# [Brief]
All entries below are to be reproduced precisely as they stand, without the pictures.

[Excerpts from a dataset]
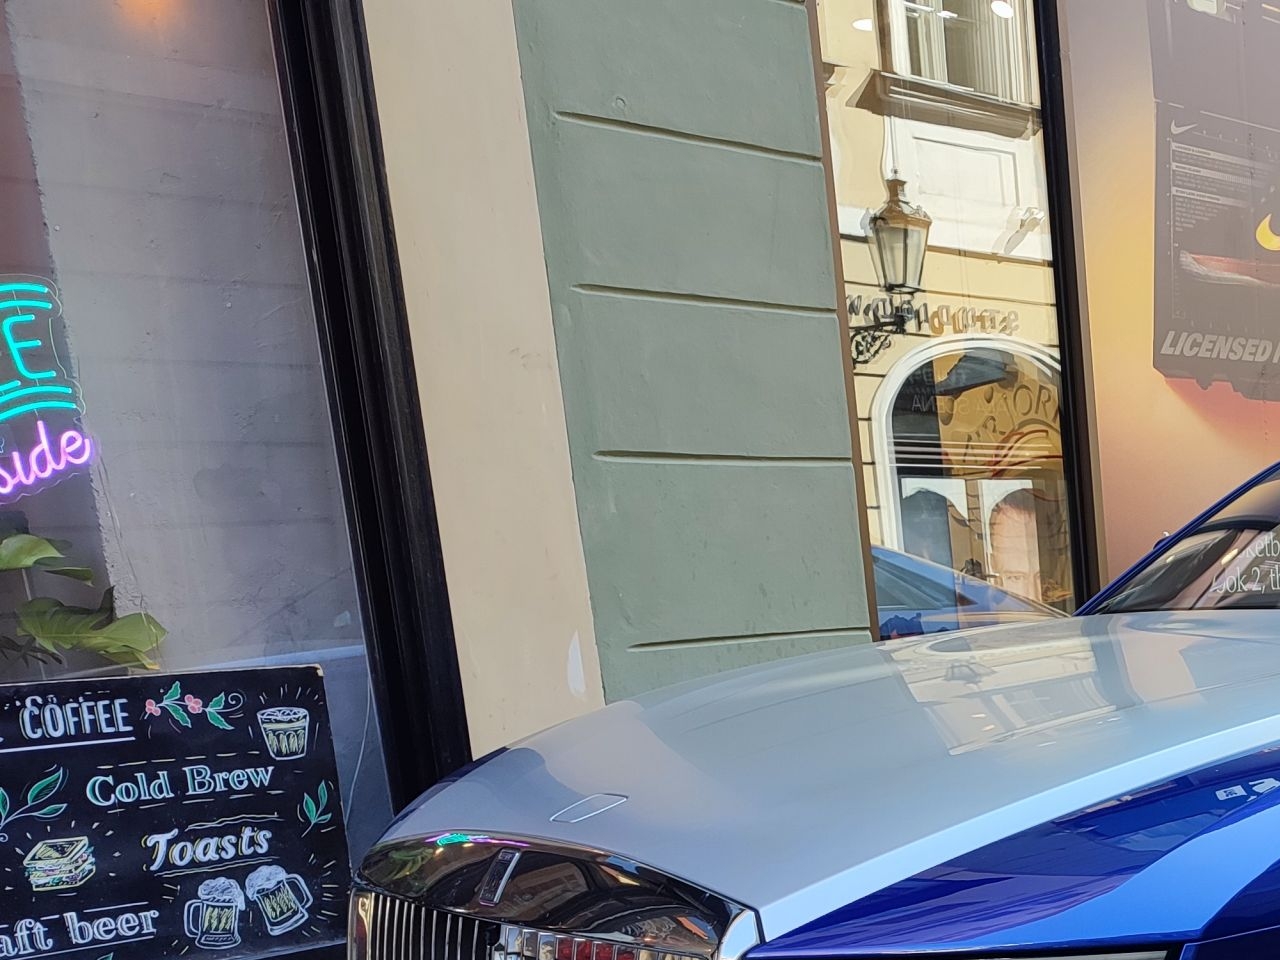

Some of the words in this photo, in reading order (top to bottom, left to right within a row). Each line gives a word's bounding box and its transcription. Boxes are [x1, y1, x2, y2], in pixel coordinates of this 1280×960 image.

[1160, 331, 1274, 363] LICENSED
[1251, 567, 1265, 594] 2,
[20, 698, 135, 739] COFFEE
[86, 770, 174, 806] Cold
[182, 764, 275, 795] Brew
[143, 826, 273, 870] Toasts
[63, 909, 159, 945] beer

# [Output for this task]
Some of the words in this photo, in reading order (top to bottom, left to right within a row). Each line gives a word's bounding box and its transcription. Boxes are [x1, y1, x2, y2], in pixel coordinates of this 1280×960 image.

[1160, 331, 1274, 363] LICENSED
[1251, 567, 1265, 594] 2,
[20, 698, 135, 739] COFFEE
[86, 770, 174, 806] Cold
[182, 764, 275, 795] Brew
[143, 826, 273, 870] Toasts
[63, 909, 159, 945] beer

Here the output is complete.